When I was a little guy (somewhere in the distant past) the first title I earned was “baby of the family”. The position had its perks…as I recall. Even though my parents took in several kids on a foster basis and raised two of the children as their own until adulthood, they were older than me and my position as “baby of the family” was secure.
When chores were handed out, mine were lighter. When responsibilities were relegated, mine were almost nonexistent. When it came to bath time, I had to go first because I had to go to bed first. I hated that back then but I’m thinking it’s a benefit now. If you were to ask my siblings why Eric was treated differently they would say, “…because he’s the baby of the family”.
I lost that title when I was 10 years old. My Mom brought home a little baby from the hospital. I can remember feeling sad that I wasn’t going to be the “baby of the family” anymore. That’s when I became “The Middle Child”! I’m not too sure how well I did there.
As time marched on, I can remember the great feeling of pride I would get when someone would refer to me as “young man” or “young adult”. I know I would stand a little taller with both hands on my hips (an almost Superman pose…but no cape) when I would hear these terms. Yet, whispering the word “teenager” would make me feel like I was wearing something from the barn lot on the bottom of my shoe.
I progressed from there. When I started dating, to the girls’ family, I was “the boyfriend”. That title made me feel dirtier than “teenager”. Now, as a father looking back, it is suppose to give that feeling, and I intend to use the term that way myself!
When I got married, I became “Mister Hambrock”. I wasn’t ready for that term and I still shy away from it. To use a phrase from a movie, Mister Hambrock “… is my father.”
Shortly after the wedding (9 months to be exact) I became “Dad”. That is my favorite title…most of the time…when things are going good.
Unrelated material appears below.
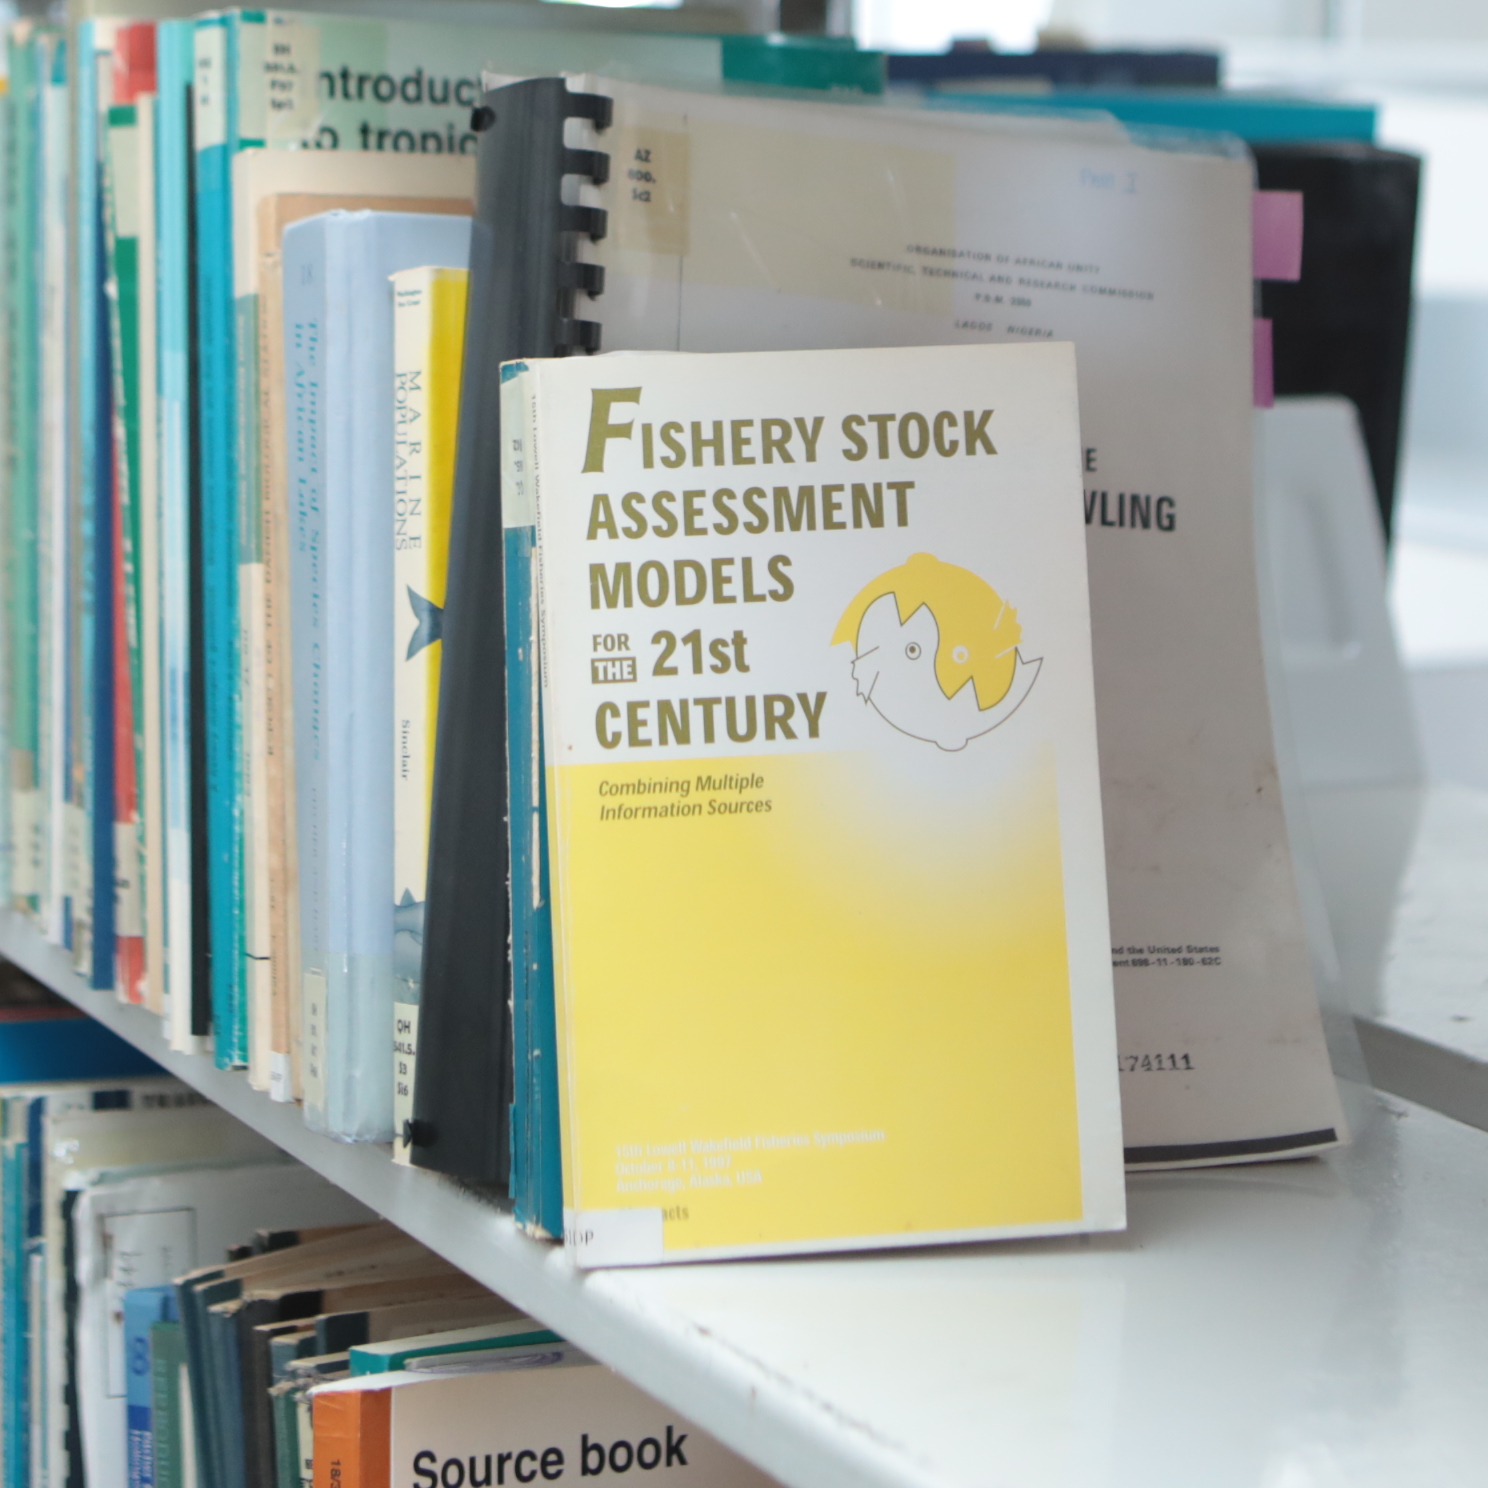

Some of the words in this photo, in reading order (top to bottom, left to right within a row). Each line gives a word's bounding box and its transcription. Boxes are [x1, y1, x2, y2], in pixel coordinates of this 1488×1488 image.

I mean I love being “Dad” when my boys are scoring touchdowns and my girls are handing out kisses. But, when there’s trouble in the house, “Dad” is not the title you want to have.
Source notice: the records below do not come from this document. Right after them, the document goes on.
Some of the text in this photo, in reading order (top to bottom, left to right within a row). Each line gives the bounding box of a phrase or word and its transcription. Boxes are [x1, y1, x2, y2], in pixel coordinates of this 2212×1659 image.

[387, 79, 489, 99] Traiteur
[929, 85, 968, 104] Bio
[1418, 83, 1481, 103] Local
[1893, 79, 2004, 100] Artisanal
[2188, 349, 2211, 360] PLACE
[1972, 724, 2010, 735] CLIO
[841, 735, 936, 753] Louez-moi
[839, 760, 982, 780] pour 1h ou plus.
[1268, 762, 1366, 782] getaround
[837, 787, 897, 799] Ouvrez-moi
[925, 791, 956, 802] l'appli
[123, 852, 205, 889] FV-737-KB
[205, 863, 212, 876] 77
So….my oldest son calls a couple of months ago to inform me that I am going to be a “Grandpa”.
“Grandpa”…I struggle just typing the word. I can’t fathom that I am old enough to be a “Grandpa”. I told my wife that I don’t have enough white hair to be a “Grandpa”. She laughed.
I’m too young to be “Grandpa”. I still see myself as a mature 21 year old. I don’t know how to do “Grandpa”. I don’t like Cardigan sweaters and I loathe plaid, polyester pants! I do hobble a little, but I still have all my own teeth! So, you see, I can’t seem to embrace the title “Grandpa”. I’m just not feeling it.
What I am thinking, is that when the time comes for it to matter maybe I’ll be ready. In the 4 to 5 years that it will take for this little person to grow and form bonds with a “Grandpa” and “Grandma” I will be able to embrace the concept behind the title. You know, 4 to five years is a long time. Who knows maybe the little one won’t like the title “Grandson” or “Granddaughter”. After all, it is just a title...its the relationship that matters.